3.Legislazione interna e prospettiva carcerocentrica prima della riforma Cartabia
Con decreto legislativo 15 febbraio 2016, n. 38 l’Italia in attuazione della legge n. 114 del 2015 "Delega al Governo per il recepimento delle direttive europee e l'attuazione di altri atti dell'Unione europea” , ha recepito la Decisione Quadro 2008/947GAI ben oltre il termine fissato al 6 dicembre 2011, precisando che dall’attuazione della decisione quadro non sarebbero dovuti derivare nuovi o maggiori oneri a carico della finanza pubblica e che le amministrazioni interessate avrebbero dovuto provvedere con le risorse umane, strumentali e finanziarie disponibili a legislazione vigente.In adesione al monito contenuto nella sentenza Torreggiani c. Italia sono stati adottati anche numerosi altri provvedimenti legislativi tra i quali l’ampliamento dell’operatività del meccanismo di sospensione dell'ordine di esecuzione delle condanne a pena detentiva di cui all'art. 656 co. 5 c.p.p.[7]; le disposizioni in materia di superamento degli ospedali psichiatrici giudiziari[8]; la modifica dell’art. 275 comma 2-bis c.p.p. in materia di custodia cautelare[9]; le disposizioni in materia di non punibilità per particolare tenuità del fatto[10]; la modifica dei presupposti per l'applicazione della misura cautelare e del relativo procedimento di impugnazione[11]; l’ampliamento dei casi di accesso alla misura dell’affidamento terapeutico per i detenuti tossicodipendenti[12], l’ampliamento della misura dell’affidamento in prova (il residuo pena che ne consente l’accesso è stato portato da tre a quattro anni) e la misura della detenzione domiciliare anche se quest’ultima non può certo definirsi misura di comunità non essendo previsto alcun intervento di natura trattamentale.

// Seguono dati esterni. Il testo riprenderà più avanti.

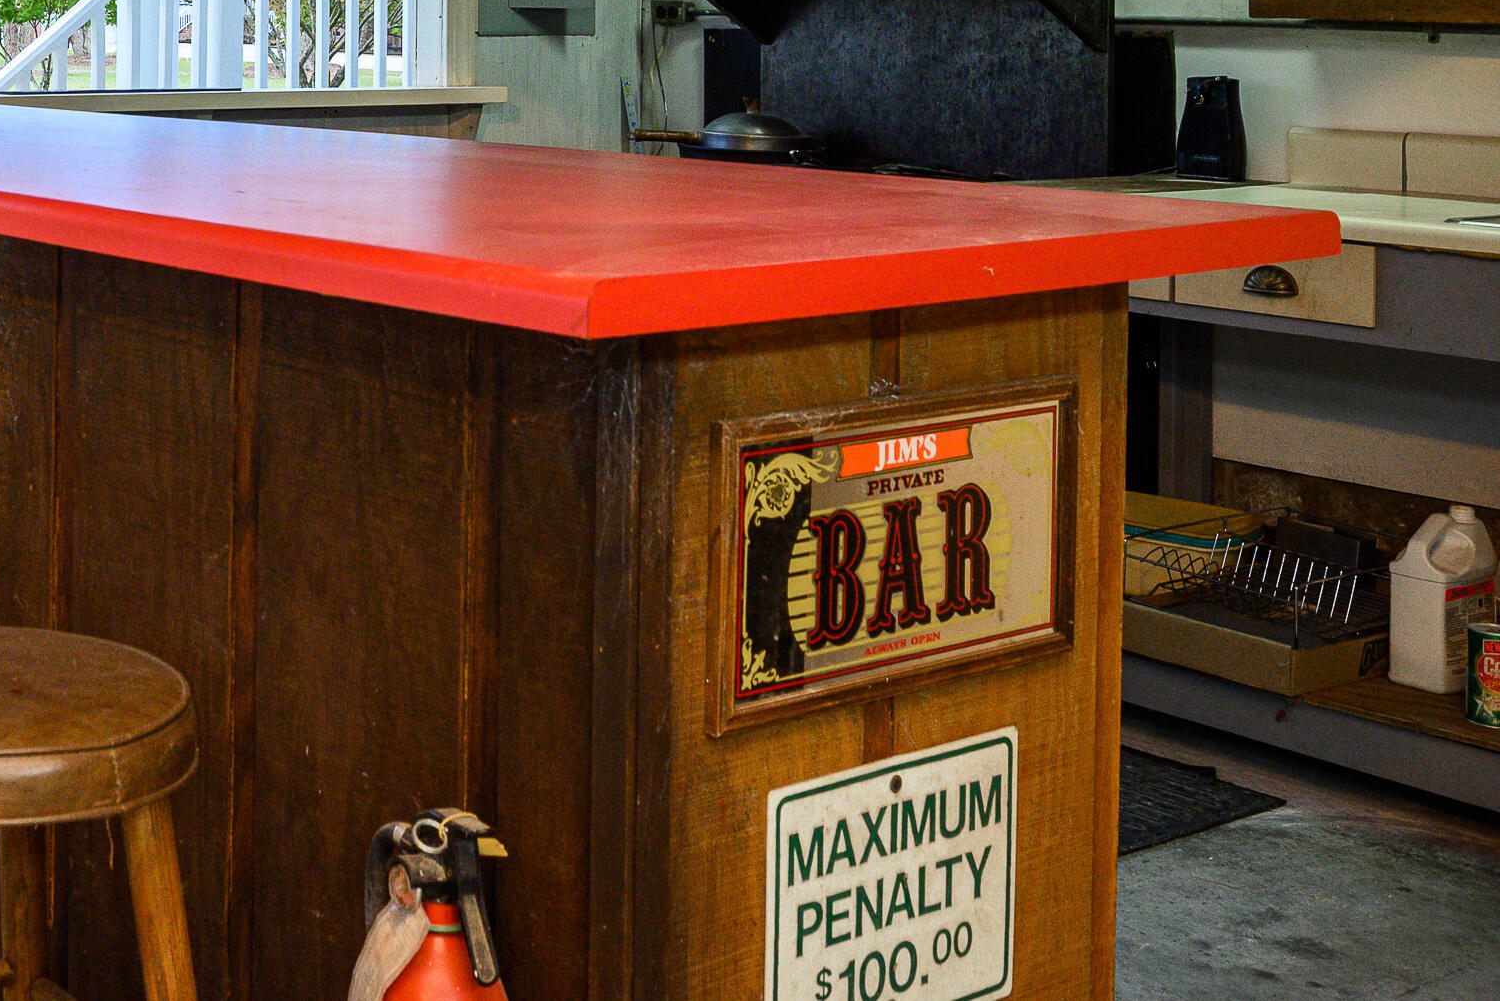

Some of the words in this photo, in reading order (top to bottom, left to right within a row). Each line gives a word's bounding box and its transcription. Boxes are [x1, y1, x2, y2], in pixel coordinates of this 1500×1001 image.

[866, 469, 945, 497] PRIVATE
[874, 434, 938, 472] JIM'S
[806, 482, 996, 649] BAR
[864, 636, 908, 657] ALWAYS
[910, 631, 941, 648] OPEN
[787, 774, 1002, 888] MAXIMUM
[796, 845, 993, 958] PENALTY
[815, 921, 973, 1001] $100.00

Va segnalata anche l’introduzione della sostituzione della pena detentiva con quella del lavoro di pubblica utilità per i reati commessi da tossicodipendenti[13]; l’estinzione del reato per condotte riparatorie[14] che rimanda a modalità alternative di definizione dei procedimenti penali secondo i canoni della cd “giustizia ripartiva” e la sospensione condizionale della pena subordinata a prestazioni di attività non retribuita[15] o a specifici percorsi di recupero per i condannati per delitti di violenza domestica o di genere[16].

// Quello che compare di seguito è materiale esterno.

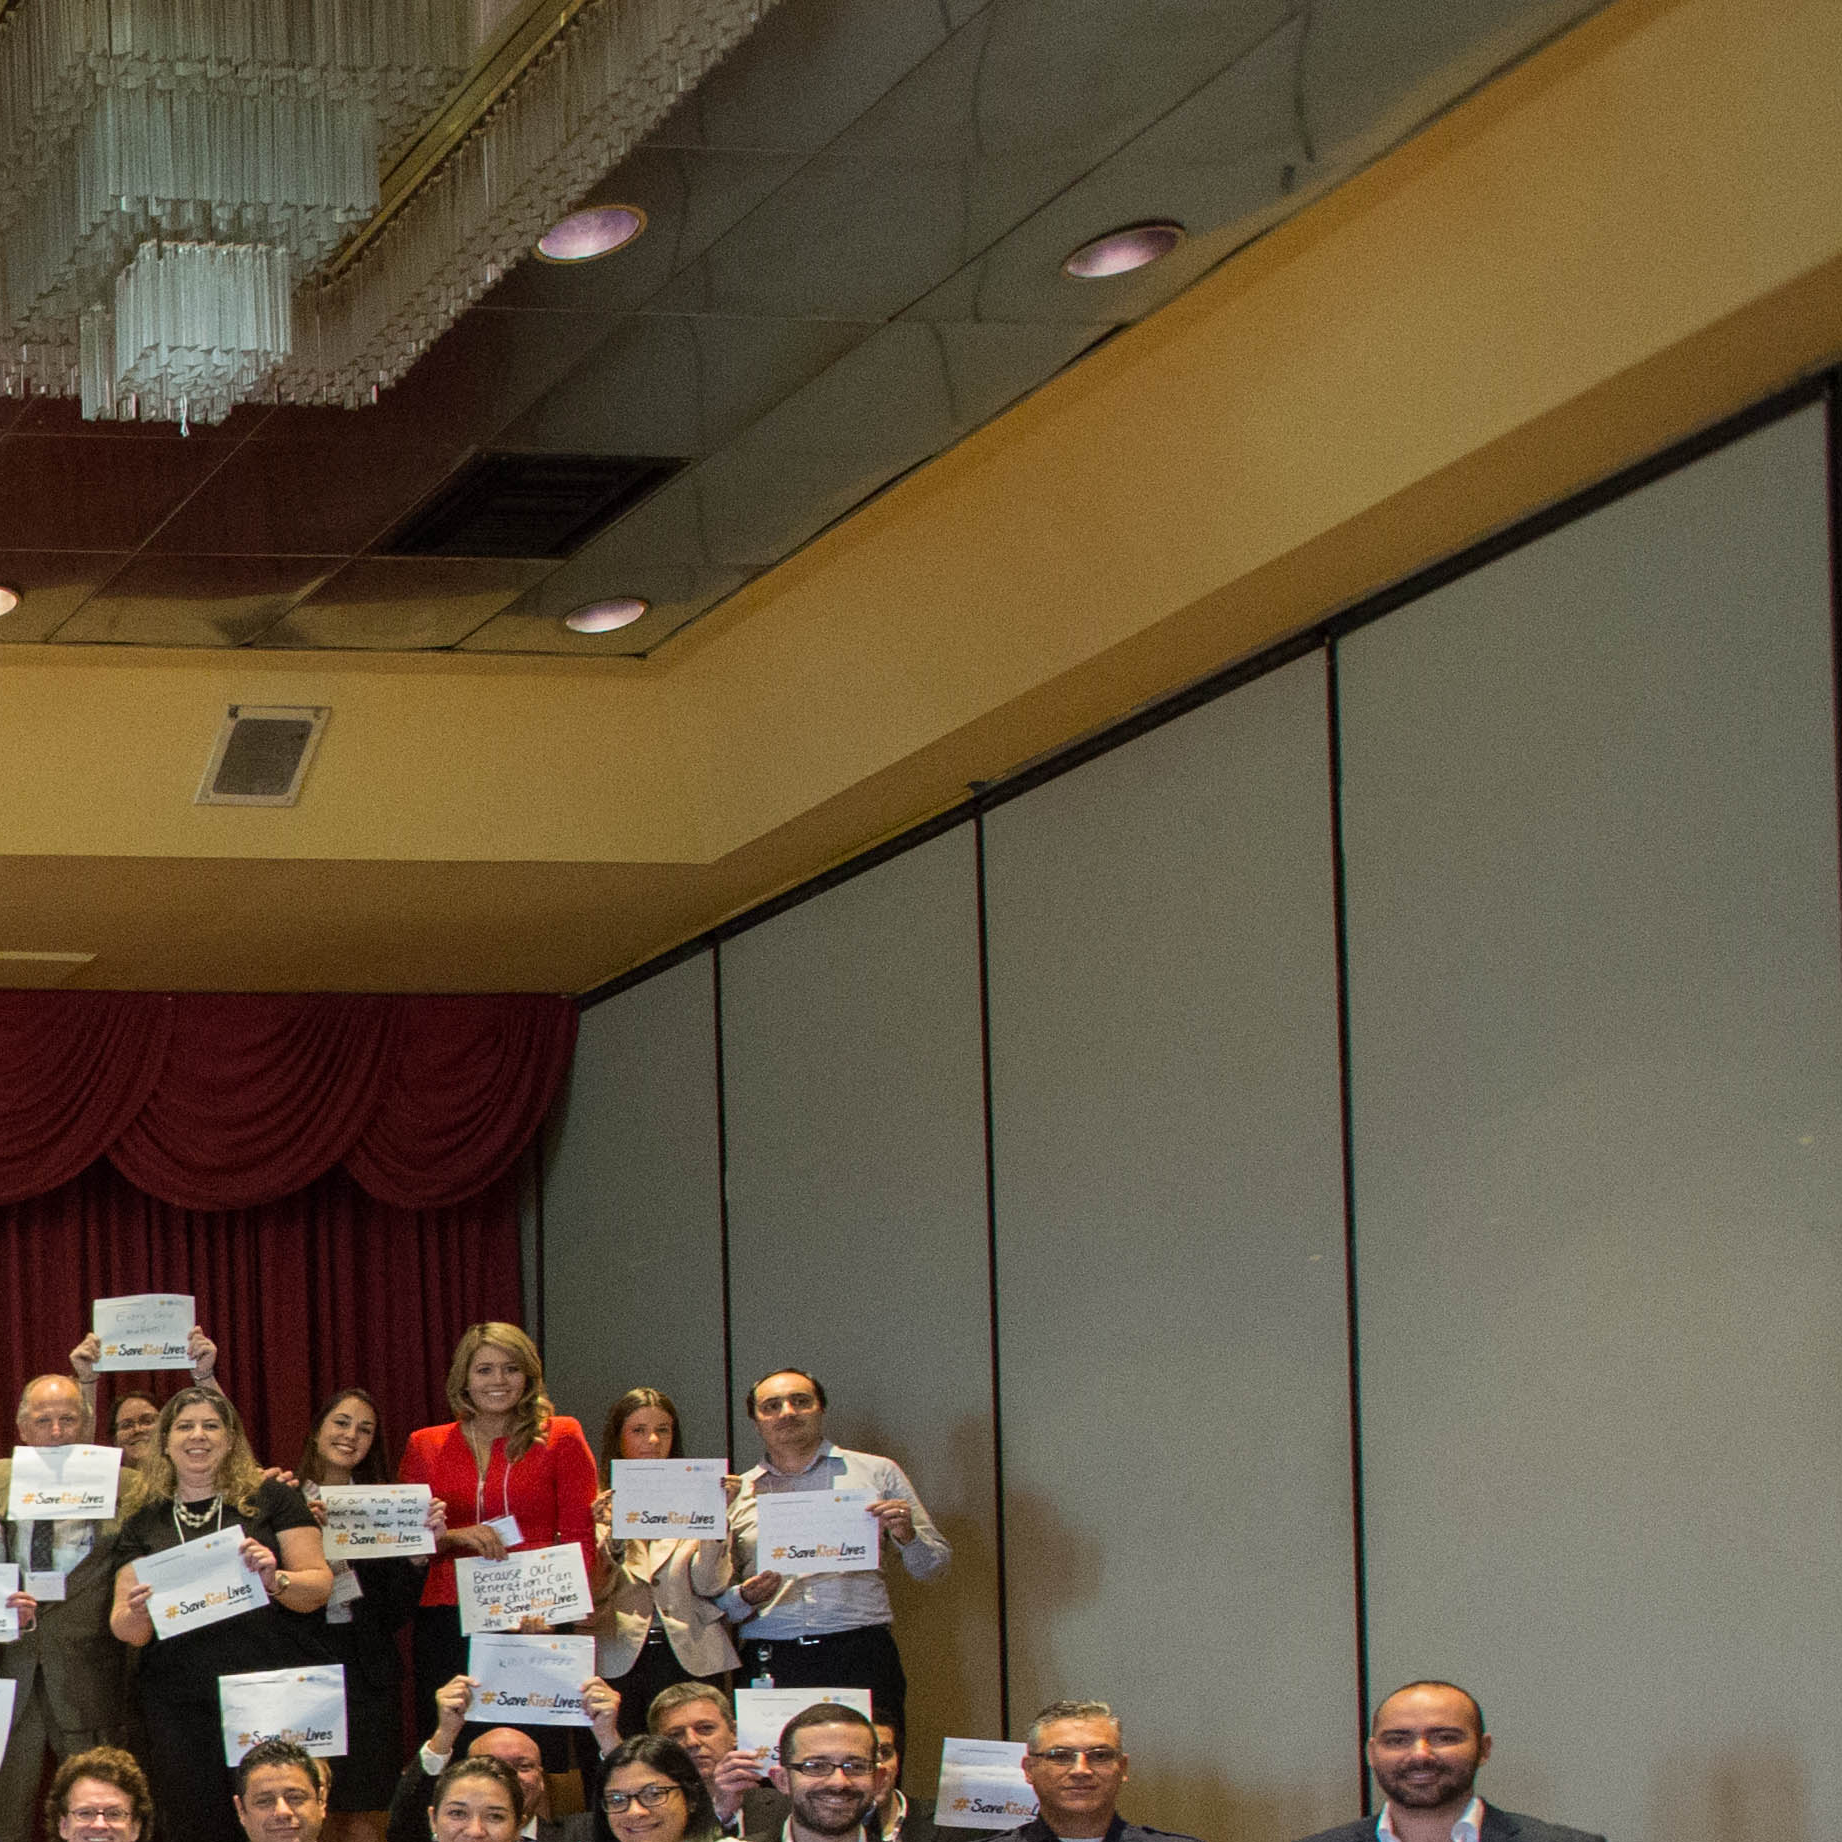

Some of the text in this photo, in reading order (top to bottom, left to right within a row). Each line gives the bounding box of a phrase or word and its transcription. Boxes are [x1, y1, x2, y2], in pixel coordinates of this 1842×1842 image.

[473, 1563, 555, 1584] Because our
[547, 1572, 572, 1584] can

Con il decreto legislativo 15 gennaio 2016, n. 7 "Disposizioni in materia di abrogazioni di reati e introduzione di illeciti con sanzioni pecuniarie civili” esercitando la delega di cui all’art. 2, comma 3, l. 28 aprile 2014, n. 67 alcune norme incriminatrici (artt. 485, 486, 594, 627, 647, 635 comma 1 c.p.) sono state qualificate come illeciti civili sottoposti a sanzione pecuniaria.
Quanto alla organizzazione ministeriale, il Regolamento del Ministero della giustizia, approvato dal Consiglio del Ministri il 18 maggio 2015 ha soppresso la Direzione Generale dell’esecuzione penale esterna del Dipartimento dell’amministrazione penitenziaria e attribuito le relative funzioni ad una Direzione Generale per l’esecuzione penale esterna e di messa alla prova presso il Dipartimento della giustizia minorile e di comunità.
Il DPCM 84/2015 ha dato vita al nuovo Dipartimento della giustizia minorile e di comunità in una “nuova prospettiva che implica senz’altro un’evoluzione del sistema della misure alternative alla detenzione nel senso del loro ampliamento e rafforzamento” dando atto che la modifica strutturale si indirizza “lungo la direttrice tracciata dalle Raccomandazioni del Consiglio d’Europa in favore delle sanzioni di comunità”[17].
Nel progetto l’unificazione sul piano organizzativo del sistema minorile con quello dell’esecuzione penale esterna avrebbe dovuto facilitare l’integrazione di due contesti operativi che si fondano entrambi sull’azione coordinata di enti e associazioni sul territorio quale presupposto per il rientro dell’autore di reato nella legalità nel contesto di appartenenza.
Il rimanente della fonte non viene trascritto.